■ **EXERCISE DIRECTIONS**
Could you transcribe every record below exactly, leaving out any pictures?

■ **INPUT RECORDS**
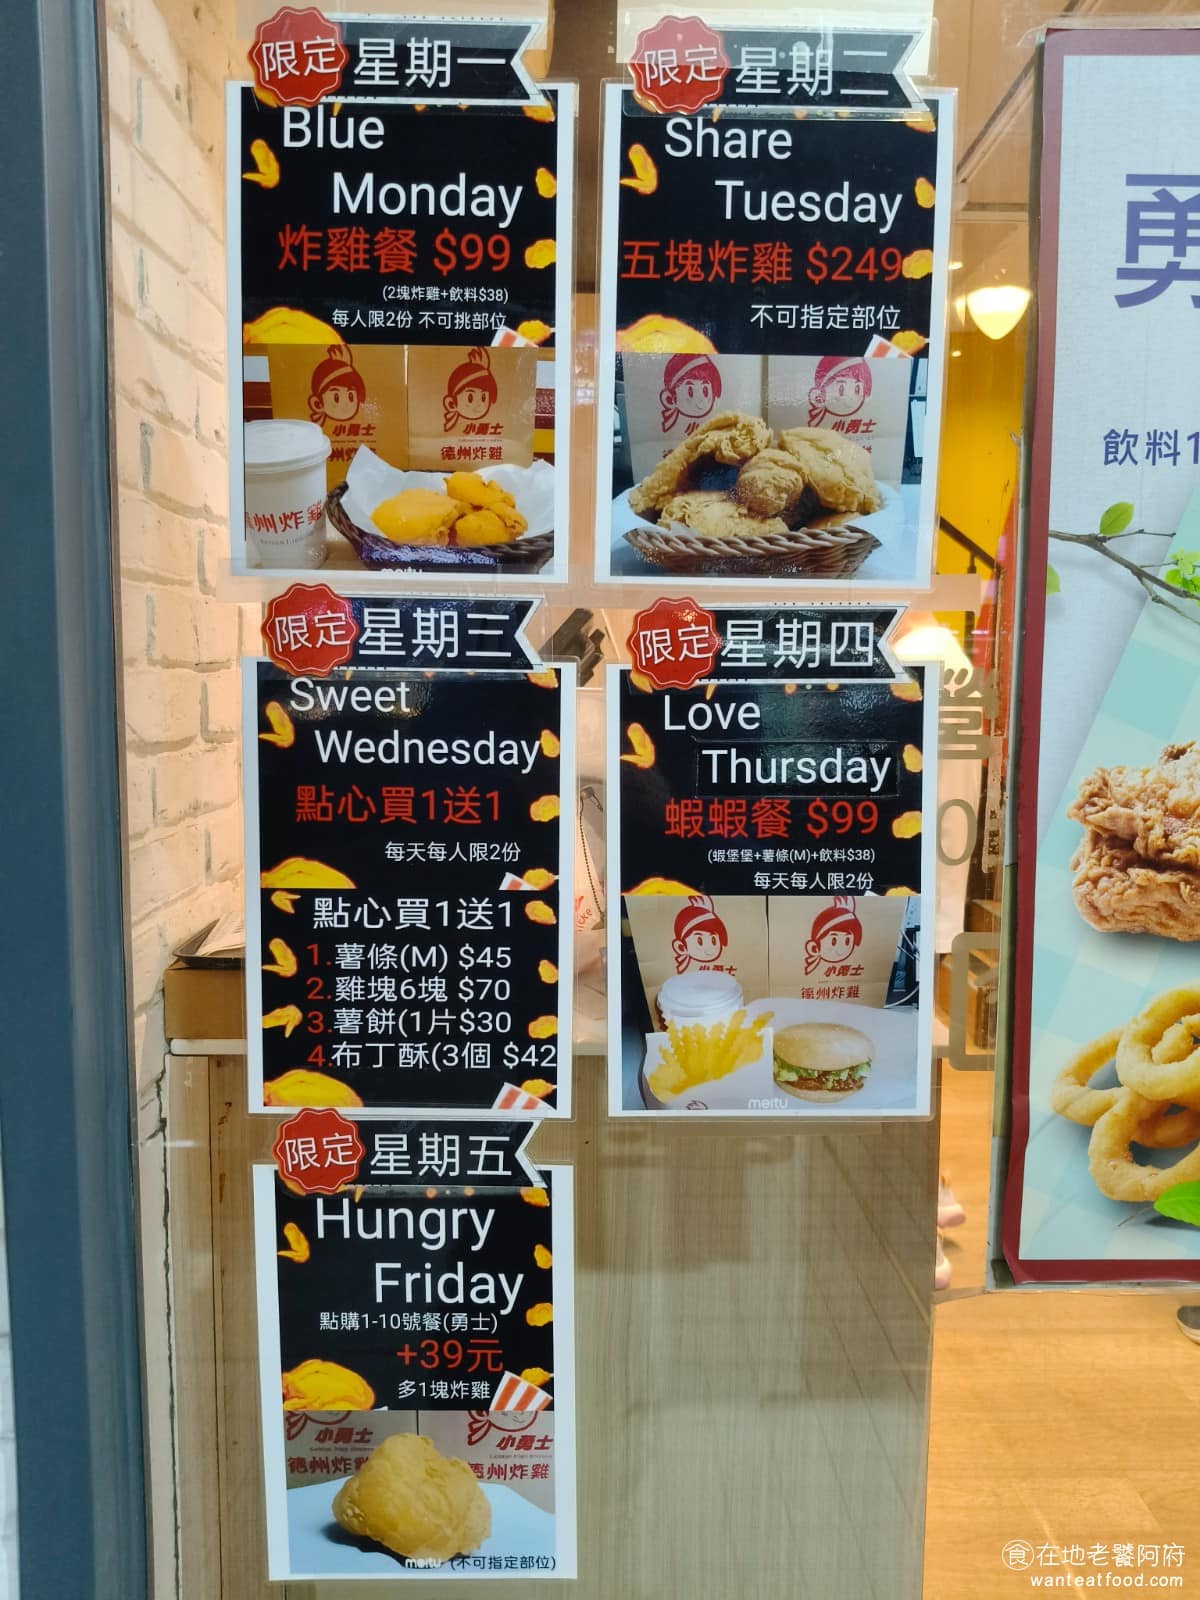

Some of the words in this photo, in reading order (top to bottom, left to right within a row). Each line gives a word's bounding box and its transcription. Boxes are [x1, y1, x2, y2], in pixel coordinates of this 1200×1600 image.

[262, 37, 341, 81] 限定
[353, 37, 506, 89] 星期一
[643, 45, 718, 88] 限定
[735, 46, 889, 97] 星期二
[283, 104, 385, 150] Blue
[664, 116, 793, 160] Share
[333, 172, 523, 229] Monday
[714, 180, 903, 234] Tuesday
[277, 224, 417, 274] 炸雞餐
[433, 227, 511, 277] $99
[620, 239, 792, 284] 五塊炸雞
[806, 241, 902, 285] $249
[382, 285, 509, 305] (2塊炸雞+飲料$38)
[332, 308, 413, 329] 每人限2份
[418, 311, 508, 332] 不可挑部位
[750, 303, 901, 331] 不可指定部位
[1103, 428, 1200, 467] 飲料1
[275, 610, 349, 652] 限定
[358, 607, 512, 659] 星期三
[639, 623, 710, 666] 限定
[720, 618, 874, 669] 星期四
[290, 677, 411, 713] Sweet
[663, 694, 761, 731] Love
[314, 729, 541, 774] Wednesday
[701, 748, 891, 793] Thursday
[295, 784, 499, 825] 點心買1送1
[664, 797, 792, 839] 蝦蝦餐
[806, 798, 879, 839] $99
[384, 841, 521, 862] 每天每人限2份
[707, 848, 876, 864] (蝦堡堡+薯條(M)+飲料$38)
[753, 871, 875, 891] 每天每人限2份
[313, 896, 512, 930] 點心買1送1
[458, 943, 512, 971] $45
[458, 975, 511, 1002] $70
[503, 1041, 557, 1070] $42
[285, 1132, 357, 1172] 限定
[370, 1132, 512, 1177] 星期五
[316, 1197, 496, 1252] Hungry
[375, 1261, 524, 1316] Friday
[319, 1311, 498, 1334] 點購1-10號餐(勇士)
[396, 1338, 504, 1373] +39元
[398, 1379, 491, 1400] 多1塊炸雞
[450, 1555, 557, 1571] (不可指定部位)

■ **ANSWER SECTION**
Some of the words in this photo, in reading order (top to bottom, left to right within a row). Each line gives a word's bounding box and its transcription. Boxes are [x1, y1, x2, y2], in pixel coordinates of this 1200×1600 image.

[262, 37, 341, 81] 限定
[353, 37, 506, 89] 星期一
[643, 45, 718, 88] 限定
[735, 46, 889, 97] 星期二
[283, 104, 385, 150] Blue
[664, 116, 793, 160] Share
[333, 172, 523, 229] Monday
[714, 180, 903, 234] Tuesday
[277, 224, 417, 274] 炸雞餐
[433, 227, 511, 277] $99
[620, 239, 792, 284] 五塊炸雞
[806, 241, 902, 285] $249
[382, 285, 509, 305] (2塊炸雞+飲料$38)
[332, 308, 413, 329] 每人限2份
[418, 311, 508, 332] 不可挑部位
[750, 303, 901, 331] 不可指定部位
[1103, 428, 1200, 467] 飲料1
[275, 610, 349, 652] 限定
[358, 607, 512, 659] 星期三
[639, 623, 710, 666] 限定
[720, 618, 874, 669] 星期四
[290, 677, 411, 713] Sweet
[663, 694, 761, 731] Love
[314, 729, 541, 774] Wednesday
[701, 748, 891, 793] Thursday
[295, 784, 499, 825] 點心買1送1
[664, 797, 792, 839] 蝦蝦餐
[806, 798, 879, 839] $99
[384, 841, 521, 862] 每天每人限2份
[707, 848, 876, 864] (蝦堡堡+薯條(M)+飲料$38)
[753, 871, 875, 891] 每天每人限2份
[313, 896, 512, 930] 點心買1送1
[458, 943, 512, 971] $45
[458, 975, 511, 1002] $70
[503, 1041, 557, 1070] $42
[285, 1132, 357, 1172] 限定
[370, 1132, 512, 1177] 星期五
[316, 1197, 496, 1252] Hungry
[375, 1261, 524, 1316] Friday
[319, 1311, 498, 1334] 點購1-10號餐(勇士)
[396, 1338, 504, 1373] +39元
[398, 1379, 491, 1400] 多1塊炸雞
[450, 1555, 557, 1571] (不可指定部位)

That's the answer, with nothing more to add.